* Task instructions: Restate the records exactly. Include all of them.

··· Data listing

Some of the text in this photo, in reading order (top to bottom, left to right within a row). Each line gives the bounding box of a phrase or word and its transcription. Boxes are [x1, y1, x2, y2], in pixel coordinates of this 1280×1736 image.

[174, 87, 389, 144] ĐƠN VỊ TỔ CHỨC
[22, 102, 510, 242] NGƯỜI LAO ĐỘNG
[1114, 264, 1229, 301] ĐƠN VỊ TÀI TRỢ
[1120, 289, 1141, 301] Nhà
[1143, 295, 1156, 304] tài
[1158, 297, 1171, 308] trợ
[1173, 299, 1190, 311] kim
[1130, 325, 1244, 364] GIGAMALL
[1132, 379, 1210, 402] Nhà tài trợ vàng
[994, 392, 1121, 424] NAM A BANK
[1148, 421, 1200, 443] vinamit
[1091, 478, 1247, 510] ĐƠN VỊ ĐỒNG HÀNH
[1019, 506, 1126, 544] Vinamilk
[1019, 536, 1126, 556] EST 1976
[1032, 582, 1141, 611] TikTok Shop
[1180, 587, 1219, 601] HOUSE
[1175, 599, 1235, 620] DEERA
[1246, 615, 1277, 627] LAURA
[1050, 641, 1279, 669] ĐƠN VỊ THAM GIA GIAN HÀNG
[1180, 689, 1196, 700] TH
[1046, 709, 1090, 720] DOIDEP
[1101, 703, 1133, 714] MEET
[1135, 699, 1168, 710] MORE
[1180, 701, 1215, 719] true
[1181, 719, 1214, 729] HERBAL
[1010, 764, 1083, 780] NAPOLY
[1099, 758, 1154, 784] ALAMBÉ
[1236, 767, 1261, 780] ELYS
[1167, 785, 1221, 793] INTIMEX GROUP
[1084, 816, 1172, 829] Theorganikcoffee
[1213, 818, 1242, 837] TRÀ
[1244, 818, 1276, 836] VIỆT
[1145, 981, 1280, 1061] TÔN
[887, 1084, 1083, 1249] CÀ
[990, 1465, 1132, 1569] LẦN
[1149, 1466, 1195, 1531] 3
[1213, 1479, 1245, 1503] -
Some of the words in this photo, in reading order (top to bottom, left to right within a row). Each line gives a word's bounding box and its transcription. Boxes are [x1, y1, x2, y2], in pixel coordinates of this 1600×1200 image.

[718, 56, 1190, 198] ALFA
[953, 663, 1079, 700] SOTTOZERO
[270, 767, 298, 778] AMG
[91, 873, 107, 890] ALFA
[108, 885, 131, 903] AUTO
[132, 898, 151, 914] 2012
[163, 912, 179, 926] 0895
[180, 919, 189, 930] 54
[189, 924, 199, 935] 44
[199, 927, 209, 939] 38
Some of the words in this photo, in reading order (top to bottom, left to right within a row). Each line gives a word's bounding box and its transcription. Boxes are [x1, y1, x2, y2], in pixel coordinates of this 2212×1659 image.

······

* Your response:
Some of the text in this photo, in reading order (top to bottom, left to right within a row). Each line gives the bounding box of a phrase or word and its transcription. Boxes are [x1, y1, x2, y2], in pixel coordinates of this 1280×1736 image.

[174, 87, 389, 144] ĐƠN VỊ TỔ CHỨC
[22, 102, 510, 242] NGƯỜI LAO ĐỘNG
[1114, 264, 1229, 301] ĐƠN VỊ TÀI TRỢ
[1120, 289, 1141, 301] Nhà
[1143, 295, 1156, 304] tài
[1158, 297, 1171, 308] trợ
[1173, 299, 1190, 311] kim
[1130, 325, 1244, 364] GIGAMALL
[1132, 379, 1210, 402] Nhà tài trợ vàng
[994, 392, 1121, 424] NAM A BANK
[1148, 421, 1200, 443] vinamit
[1091, 478, 1247, 510] ĐƠN VỊ ĐỒNG HÀNH
[1019, 506, 1126, 544] Vinamilk
[1019, 536, 1126, 556] EST 1976
[1032, 582, 1141, 611] TikTok Shop
[1180, 587, 1219, 601] HOUSE
[1175, 599, 1235, 620] DEERA
[1246, 615, 1277, 627] LAURA
[1050, 641, 1279, 669] ĐƠN VỊ THAM GIA GIAN HÀNG
[1180, 689, 1196, 700] TH
[1046, 709, 1090, 720] DOIDEP
[1101, 703, 1133, 714] MEET
[1135, 699, 1168, 710] MORE
[1180, 701, 1215, 719] true
[1181, 719, 1214, 729] HERBAL
[1010, 764, 1083, 780] NAPOLY
[1099, 758, 1154, 784] ALAMBÉ
[1236, 767, 1261, 780] ELYS
[1167, 785, 1221, 793] INTIMEX GROUP
[1084, 816, 1172, 829] Theorganikcoffee
[1213, 818, 1242, 837] TRÀ
[1244, 818, 1276, 836] VIỆT
[1145, 981, 1280, 1061] TÔN
[887, 1084, 1083, 1249] CÀ
[990, 1465, 1132, 1569] LẦN
[1149, 1466, 1195, 1531] 3
[1213, 1479, 1245, 1503] -
Some of the words in this photo, in reading order (top to bottom, left to right within a row). Each line gives a word's bounding box and its transcription. Boxes are [x1, y1, x2, y2], in pixel coordinates of this 1600×1200 image.

[718, 56, 1190, 198] ALFA
[953, 663, 1079, 700] SOTTOZERO
[270, 767, 298, 778] AMG
[91, 873, 107, 890] ALFA
[108, 885, 131, 903] AUTO
[132, 898, 151, 914] 2012
[163, 912, 179, 926] 0895
[180, 919, 189, 930] 54
[189, 924, 199, 935] 44
[199, 927, 209, 939] 38
Some of the words in this photo, in reading order (top to bottom, left to right within a row). Each line gives a word's bounding box and its transcription. Boxes are [x1, y1, x2, y2], in pixel coordinates of this 2212×1659 image.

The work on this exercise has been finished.